À ce stade, les circonstances favorables requises sont les suivantes : la mère doit continuer à être vivante et disponible, disponible physiquement et disponible dans le sens où elle n’est pas préoccupée par autre chose. Il faut trouver la mère-objet pour survivre aux épisodes dirigés par l’instinct et qui ont maintenant acquis toute la force des fantasmes du sadisme oral et des autres conséquences de la fusion. De même, la mère-environnement a une fonction particulière qui est de continuer à être elle-même, à faire preuve d’empathie à l’égard de son enfant, à être là pour recevoir le geste spontané et en être heureuse.

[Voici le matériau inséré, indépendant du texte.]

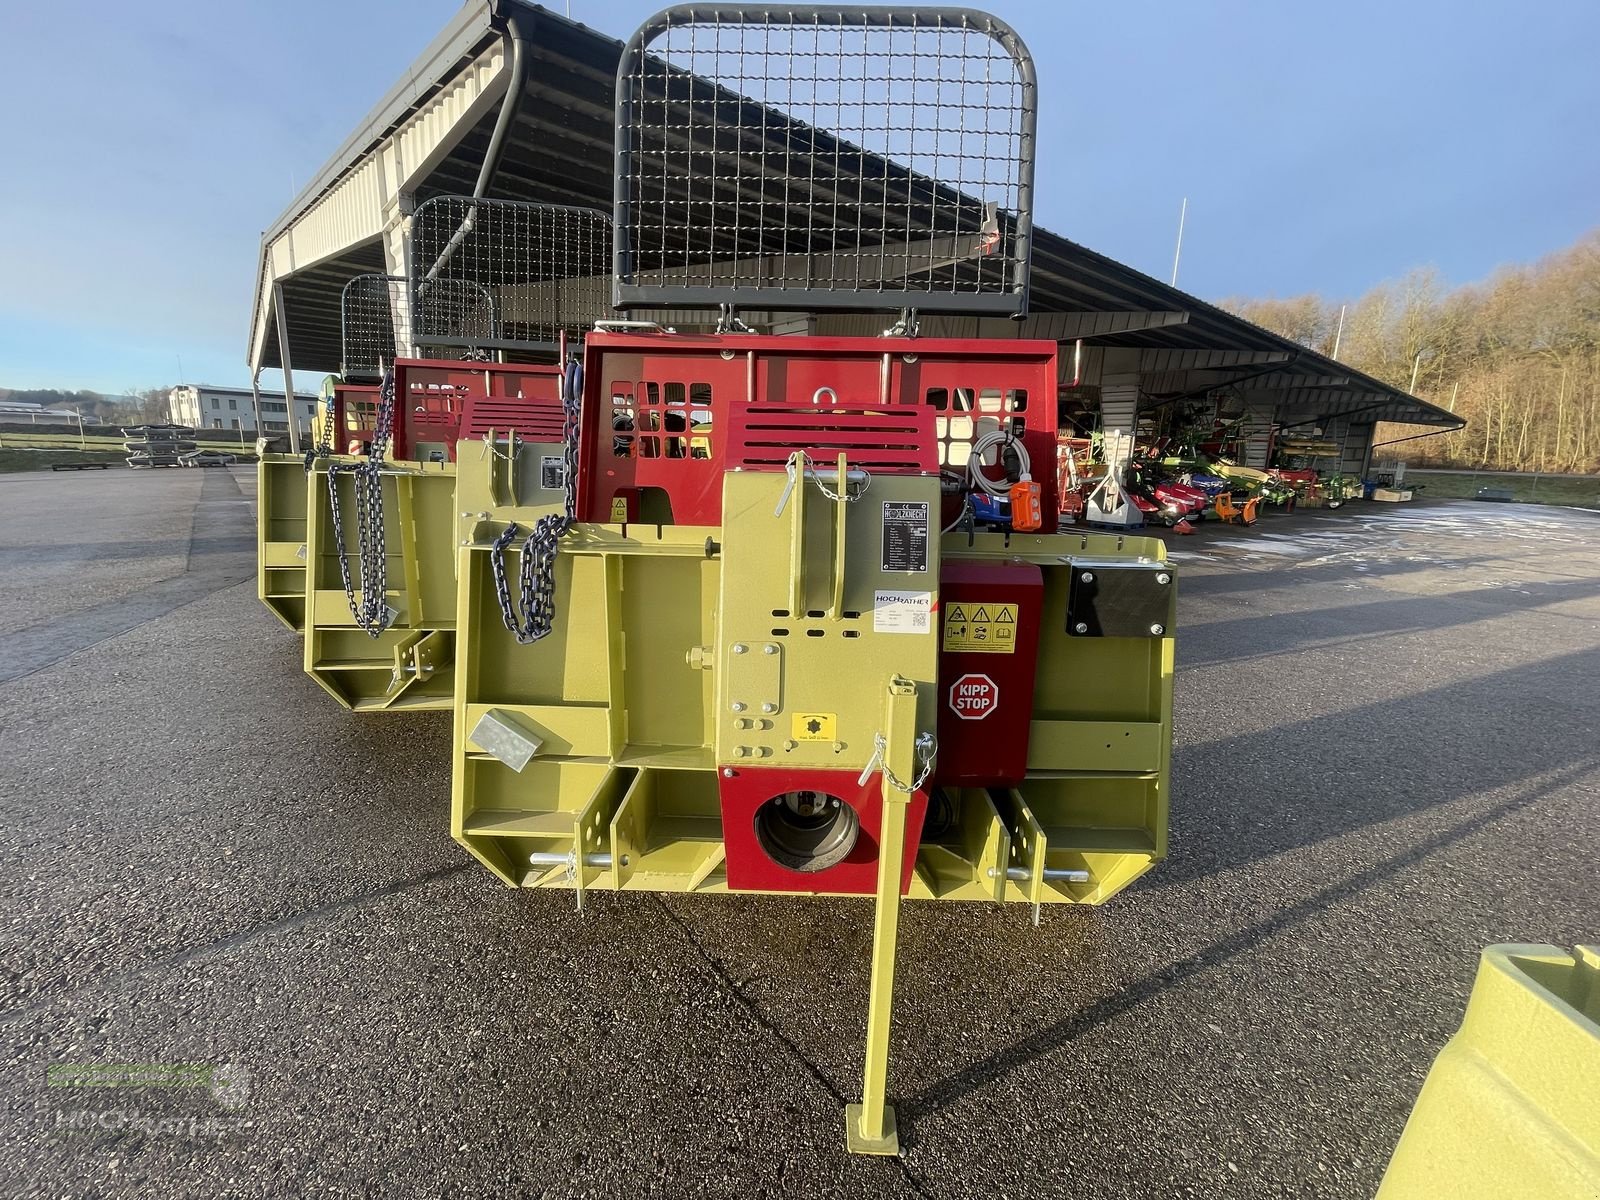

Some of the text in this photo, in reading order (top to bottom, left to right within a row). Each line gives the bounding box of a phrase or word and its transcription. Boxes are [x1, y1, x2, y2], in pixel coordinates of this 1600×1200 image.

[876, 595, 929, 605] HOCHRATHER
[959, 684, 990, 696] KIPP
[956, 698, 990, 710] STOP
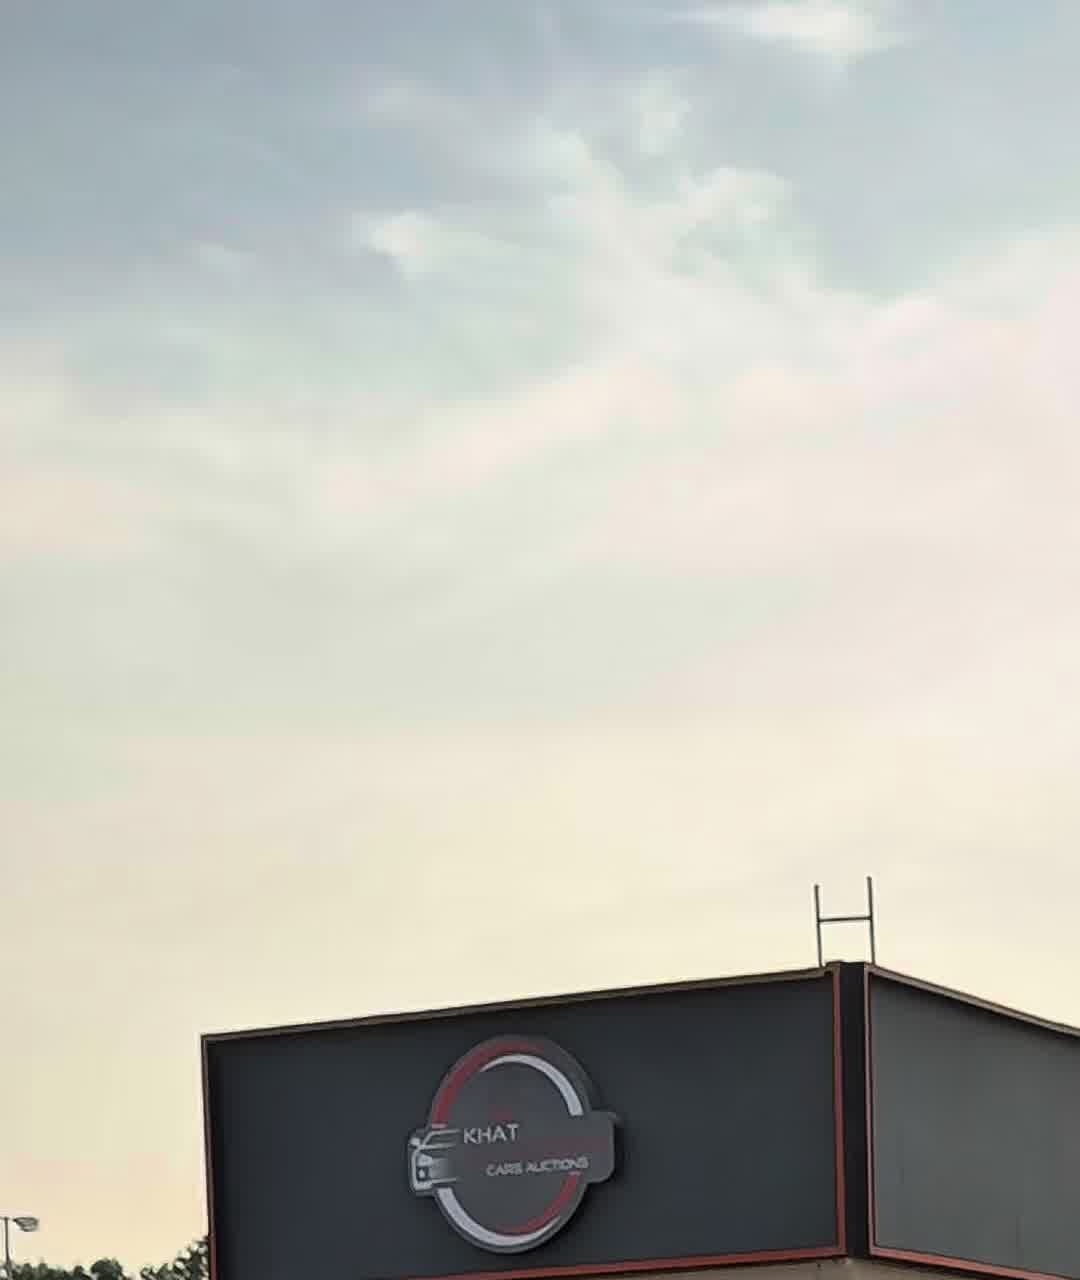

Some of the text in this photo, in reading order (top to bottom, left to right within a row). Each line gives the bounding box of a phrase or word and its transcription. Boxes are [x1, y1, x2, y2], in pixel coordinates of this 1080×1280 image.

[463, 1123, 519, 1144] KHAT
[486, 1156, 590, 1176] CARS AUCTIONS
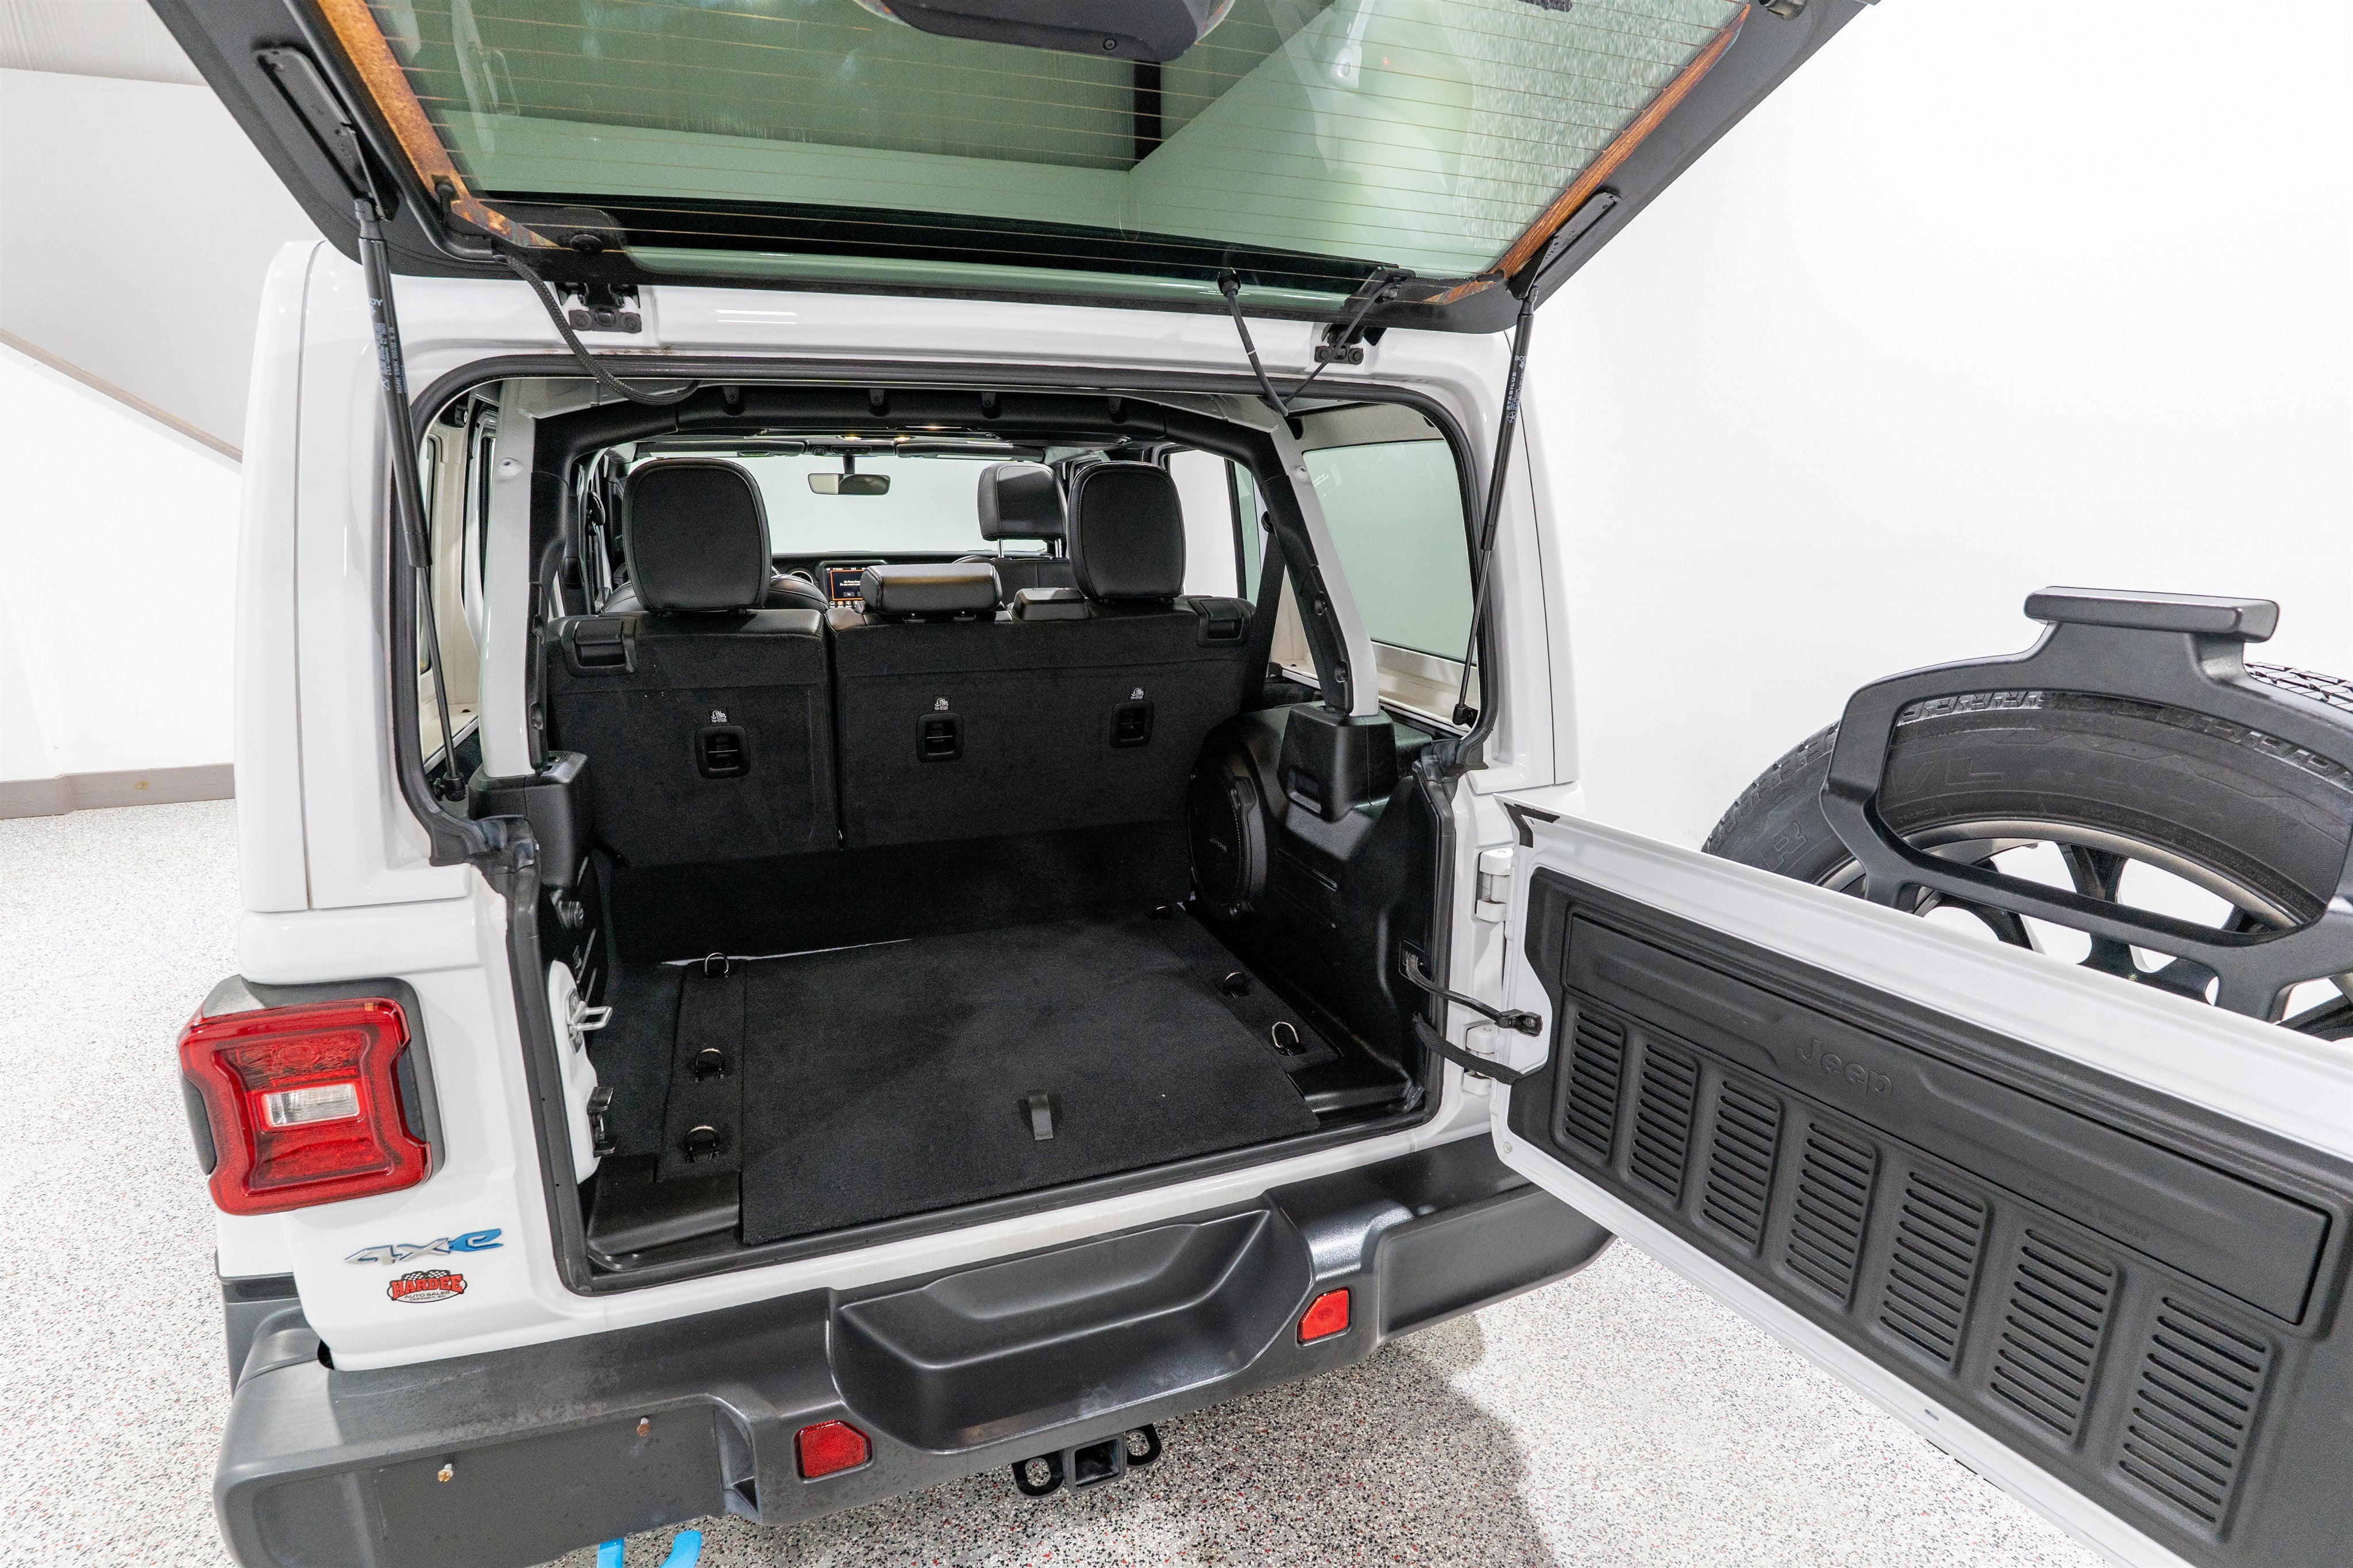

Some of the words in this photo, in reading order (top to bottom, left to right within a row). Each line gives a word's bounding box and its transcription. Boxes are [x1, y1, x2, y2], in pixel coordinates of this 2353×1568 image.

[1506, 372, 1517, 410] STABILUS
[1795, 1038, 1893, 1097] Jeep
[391, 1274, 464, 1300] HARDEE

Le fantasme qui accompagne les pulsions instinctuelles vigoureuses contient l’attaque et la destruction. Non seulement le petit enfant imagine qu’il mange l’objet, mais il désire aussi prendre possession du contenu de celui-ci. Si l’objet n’est pas détruit, c’est grâce à sa propre capacité de survie et non parce que le bébé le protège. C’est l’un des aspects du tableau.
L’autre aspect concerne la relation du nourrisson avec la mère-environnement. De ce point de vue, il se peut que la protection de la mère soit si importante que l’enfant devienne inhibé ou qu’il se détourne. Nous avons là un élément positif dans l’expérience que le nourrisson a du sevrage et l’une des raisons pour lesquelles certains nourrissons se sèvrent d’eux-mêmes.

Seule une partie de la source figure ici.